Spatial localization data:
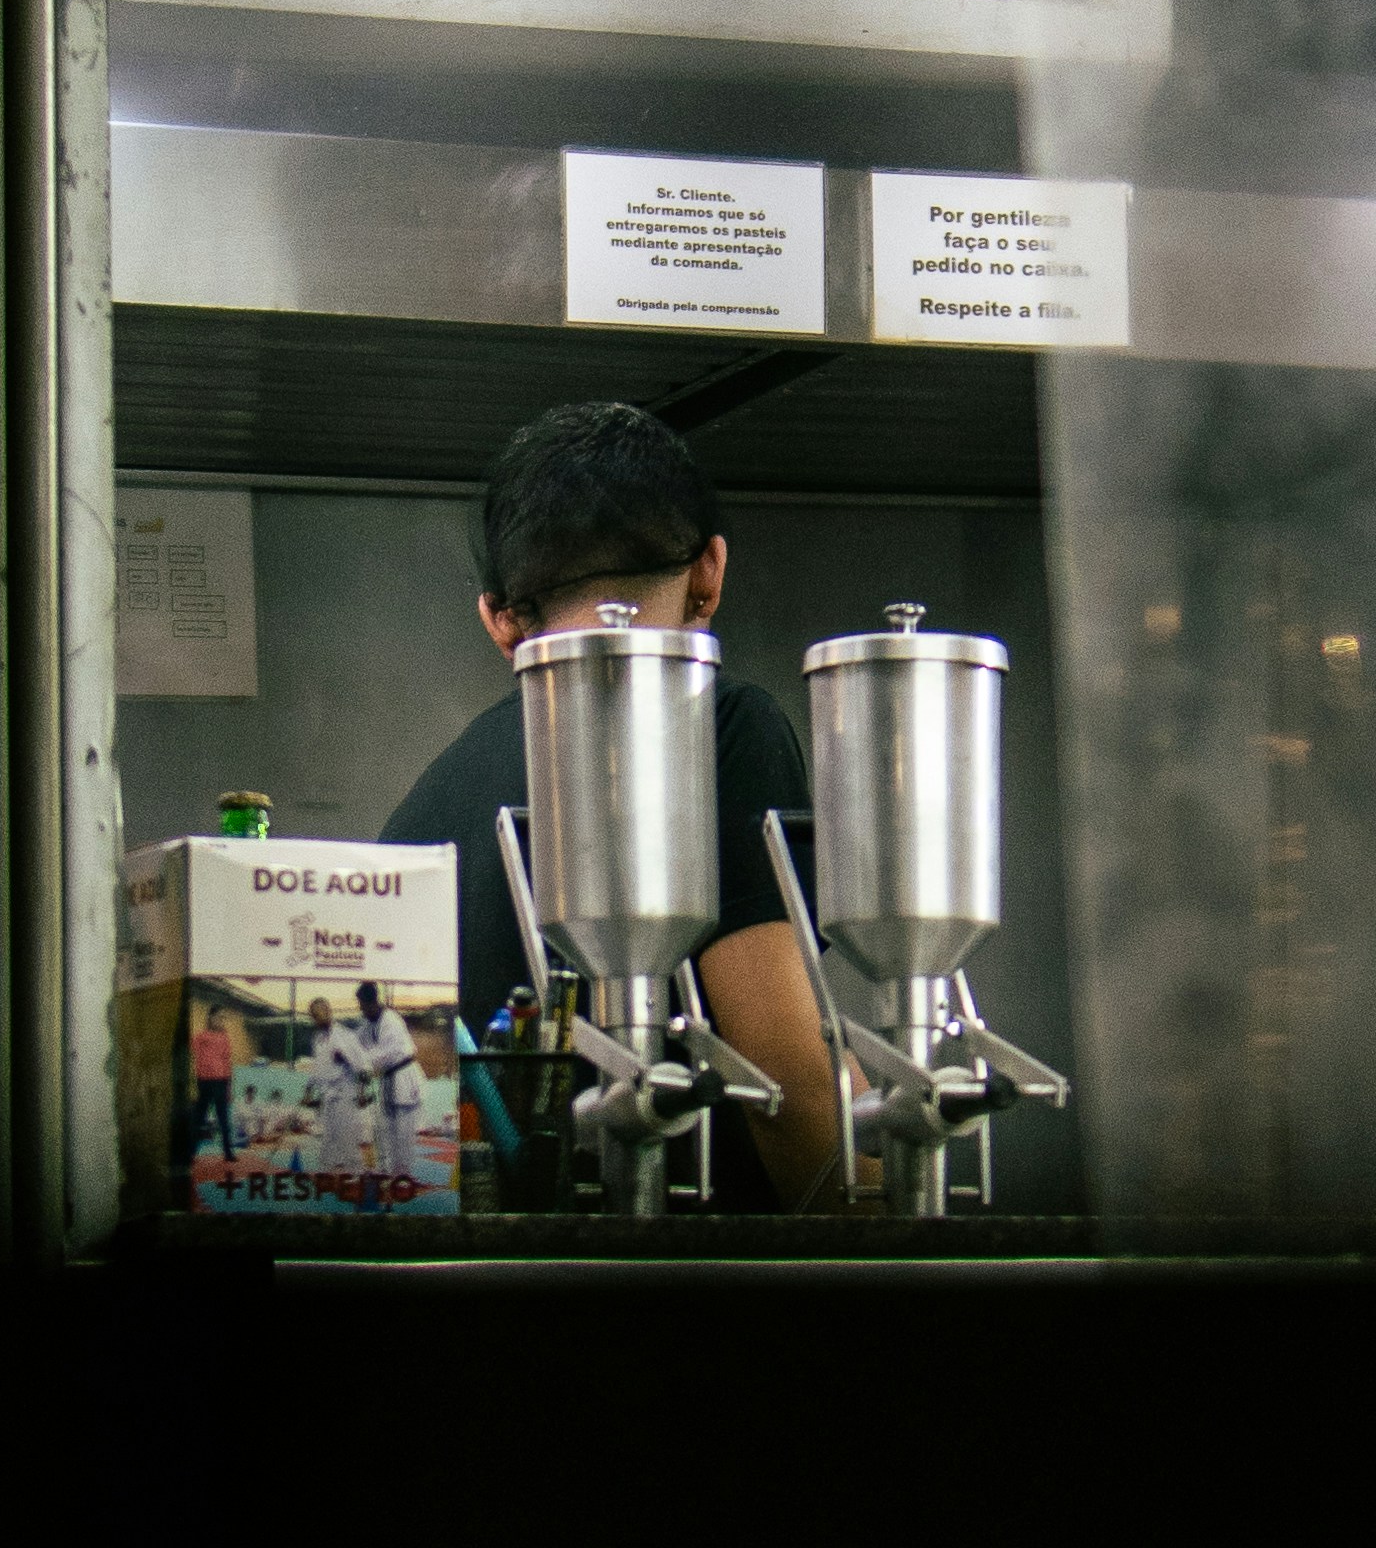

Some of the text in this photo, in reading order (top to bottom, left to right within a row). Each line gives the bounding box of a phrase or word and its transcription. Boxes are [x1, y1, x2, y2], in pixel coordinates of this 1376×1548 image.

[657, 187, 675, 200] Sr.
[627, 203, 766, 221] Informamos que só
[930, 206, 1072, 228] Por gentileza
[606, 220, 786, 239] entregaremos os pasteis
[611, 236, 782, 257] mediante apresentação
[944, 232, 1056, 252] faça o seu
[650, 255, 743, 270] da comanda.
[912, 257, 982, 275] pedido
[990, 262, 1014, 275] no
[617, 298, 780, 316] Obrigada pela compreensão
[920, 298, 1012, 319] Respeite
[1019, 305, 1031, 318] a
[254, 867, 402, 897] DOE AQUI
[314, 929, 365, 948] Nota

EXERCISE BRIEF:
A faithful copy of the data is required: each word kept, each picture omitted.

WORKED SOLUTION:
Some of the text in this photo, in reading order (top to bottom, left to right within a row). Each line gives the bounding box of a phrase or word and its transcription. Boxes are [x1, y1, x2, y2], in pixel coordinates of this 1376×1548 image.

[657, 187, 675, 200] Sr.
[627, 203, 766, 221] Informamos que só
[930, 206, 1072, 228] Por gentileza
[606, 220, 786, 239] entregaremos os pasteis
[611, 236, 782, 257] mediante apresentação
[944, 232, 1056, 252] faça o seu
[650, 255, 743, 270] da comanda.
[912, 257, 982, 275] pedido
[990, 262, 1014, 275] no
[617, 298, 780, 316] Obrigada pela compreensão
[920, 298, 1012, 319] Respeite
[1019, 305, 1031, 318] a
[254, 867, 402, 897] DOE AQUI
[314, 929, 365, 948] Nota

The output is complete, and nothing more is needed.